Scientific classification
- Kingdom: Animalia
- Phylum: Chordata
- Class: Mammalia
- Infraclass: Placentalia
- Order: Chiroptera
- Family: Natalidae
- Genus: Natalus
- Species: N. macrourus
- Binomial name: Natalus macrourus (Gervais, 1856)
- Synonyms: Myotis espiritosantensis Ruschi, 1951 ; Natalus espiritosantensis (Ruschi, 1951) ; Natalus stramineus subsp. espiritosantensis (Ruschi, 1951) ; Natalus stramineus subsp. natalensis Goodwin, 1959 ; Spectrellum macrourum Gervais, 1856 ; Tadarida espiritosantensis (Ruschi, 1951) ;

= Brazilian funnel-eared bat =

- Genus: Natalus
- Species: macrourus
- Authority: (Gervais, 1856)
- Conservation status: NT

Species of bat

The Brazilian funnel-eared bat (Natalus macrourus) is a bat species found in eastern Brazil and Paraguay. It roosts in caves, which makes it vulnerable to disturbance of these scarce sites, and in particular, to extermination campaigns against cave-roosting bats carried out in Brazil to combat rabies.

Currently the Natalus macrourus is classified as being near threatened due to human disturbance which causes habitat loss. Since the bats live in warm forests and roosts in caves, it is vulnerable to habitat destruction. Although, recent studies have revealed new populations of the species in northeastern Brazil, highlight the fact that these bats are more widespread than has been known.

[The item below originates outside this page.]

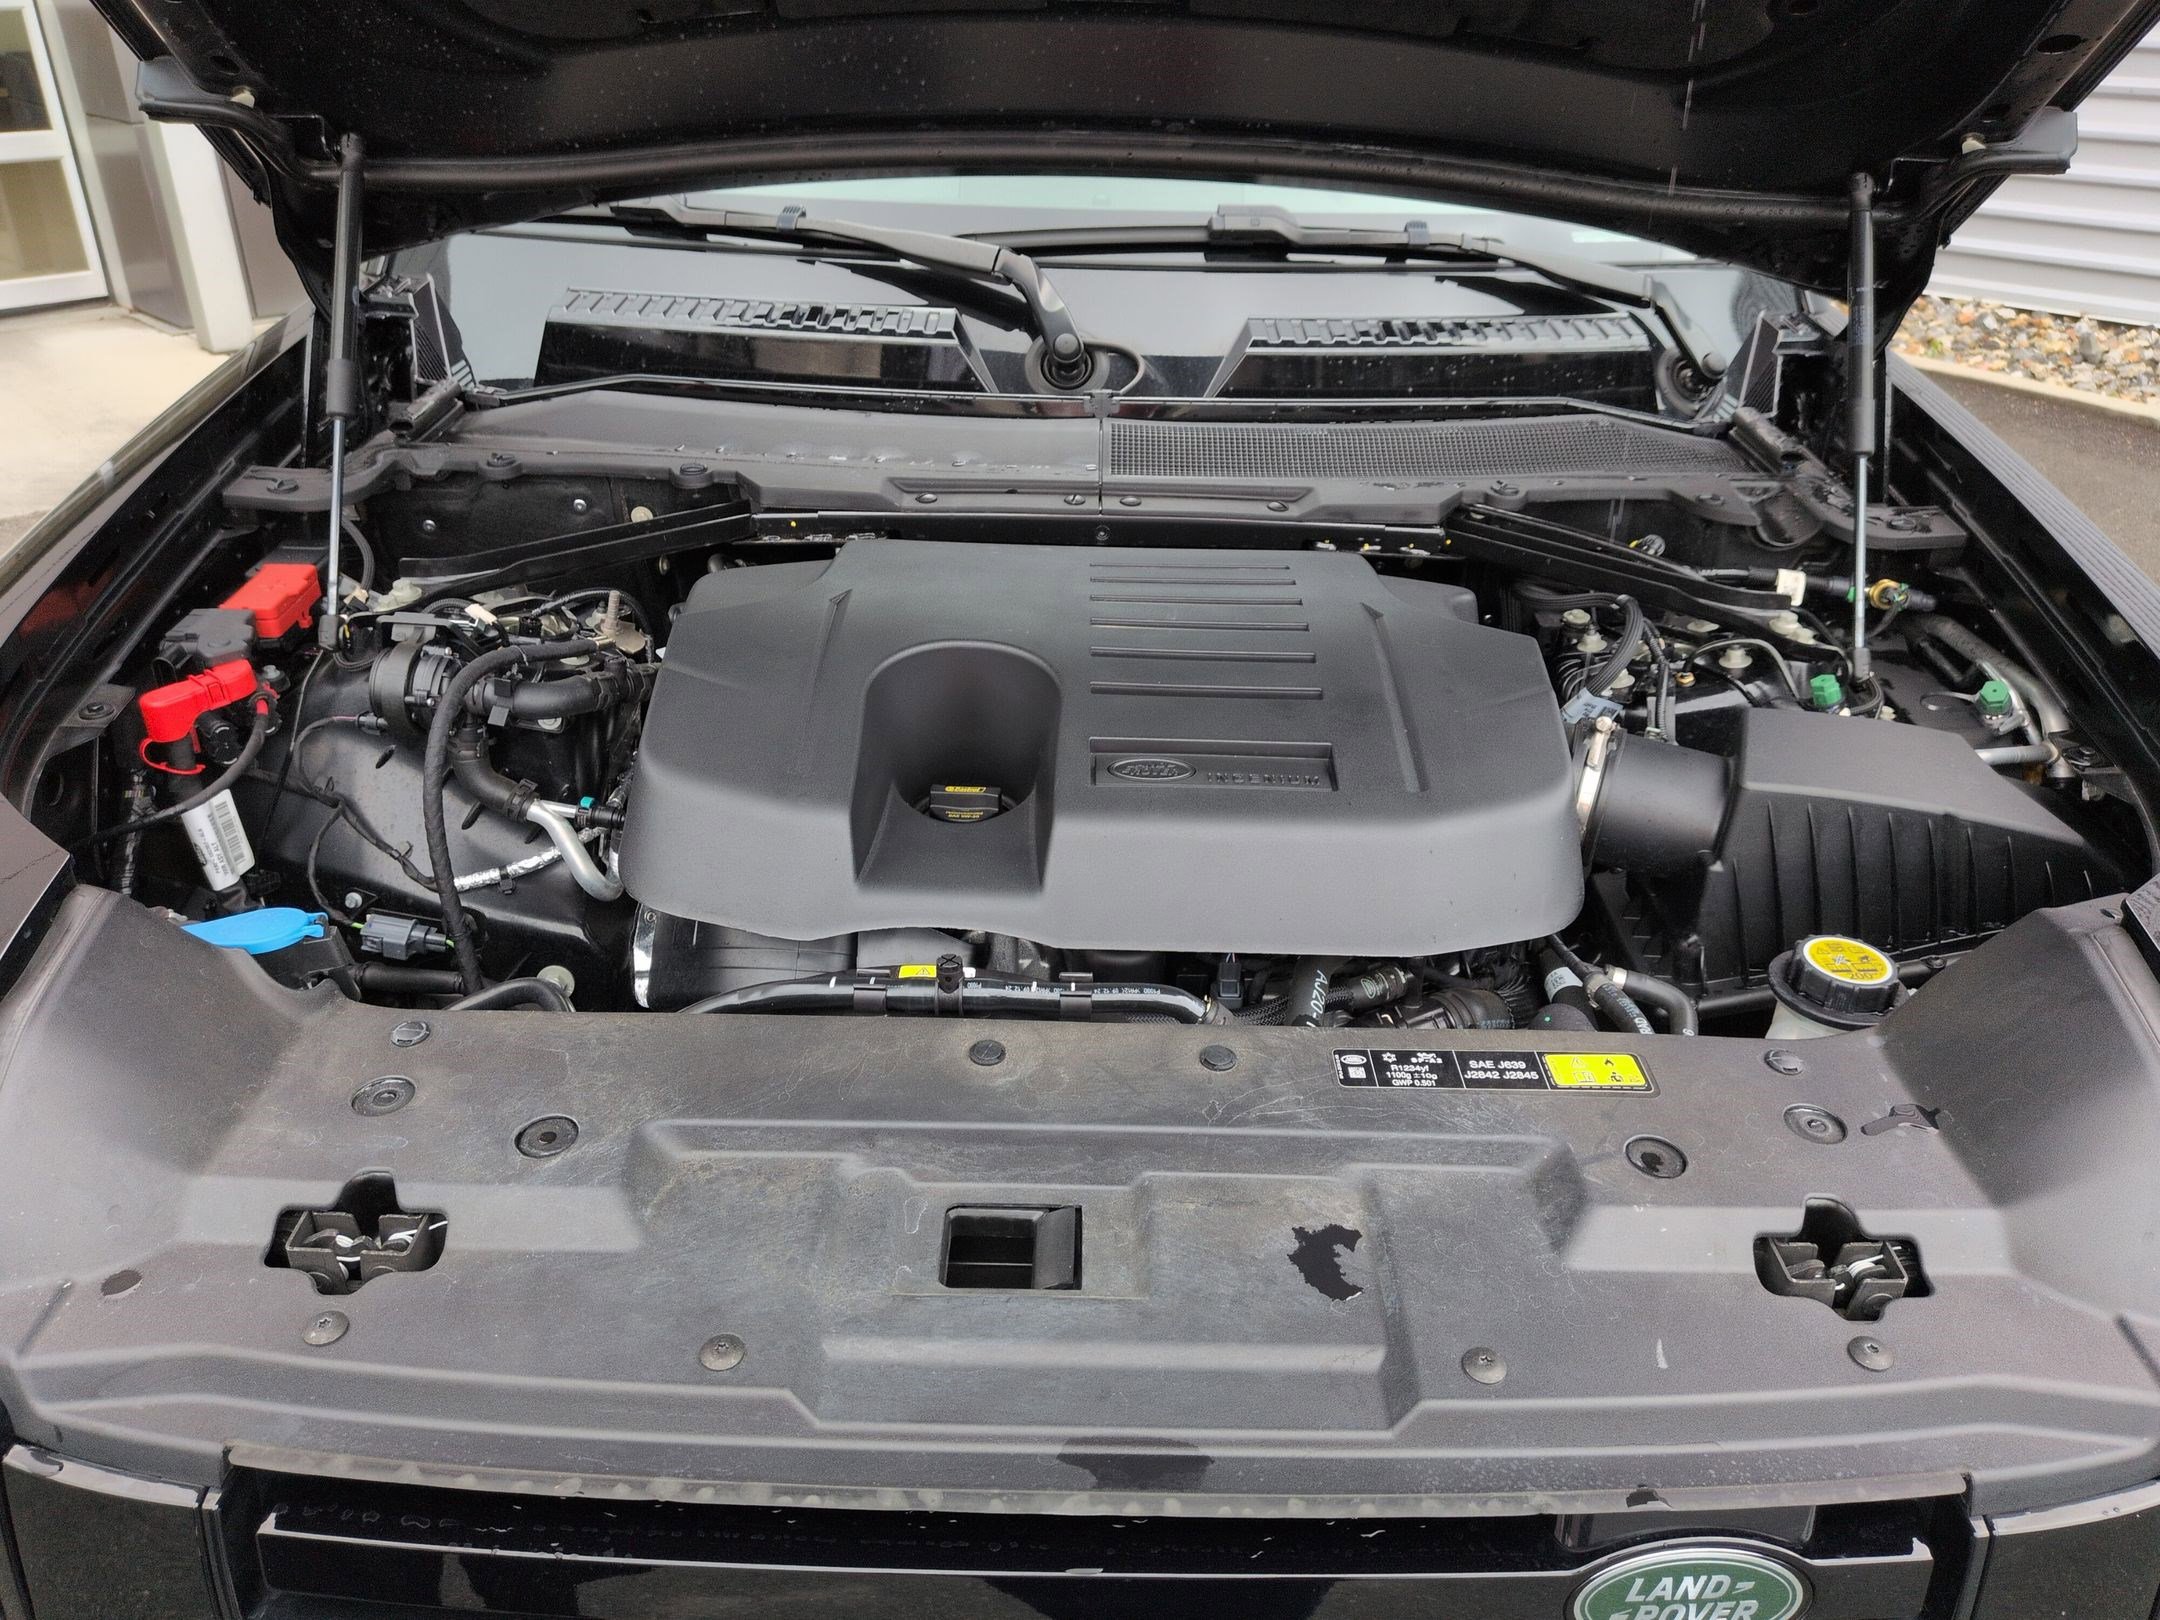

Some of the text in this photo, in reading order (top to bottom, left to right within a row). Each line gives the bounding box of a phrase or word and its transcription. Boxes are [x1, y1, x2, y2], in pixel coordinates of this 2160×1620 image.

[1468, 1060, 1527, 1070] SAE J639
[1464, 1070, 1539, 1080] J2842 J2845

Since the Natalus macrourus is known to be threatened conservation efforts are trying to be made. A way to make these conservation efforts better, scientists have discovered a genetic feature on these bats that helps in identifying the species which helps them understand how it has evolved.

It was formerly considered a subspecies of N. stramineus.

Abiotic factors such as temperature and annual rainfall can affect the distribution of this species.

Physical characteristics include short maxillary toothrow length, deeply concave and deeply notched auricular pinna, small oval nostrils open ventrolaterally, unicolored abdominal fur, and bicolored fur with lighter bases on the back and sides.

The Brazilian funnel-eared bat is categorized as near threatened on the IUCN Red List due to factors such as habitat loss and degradation.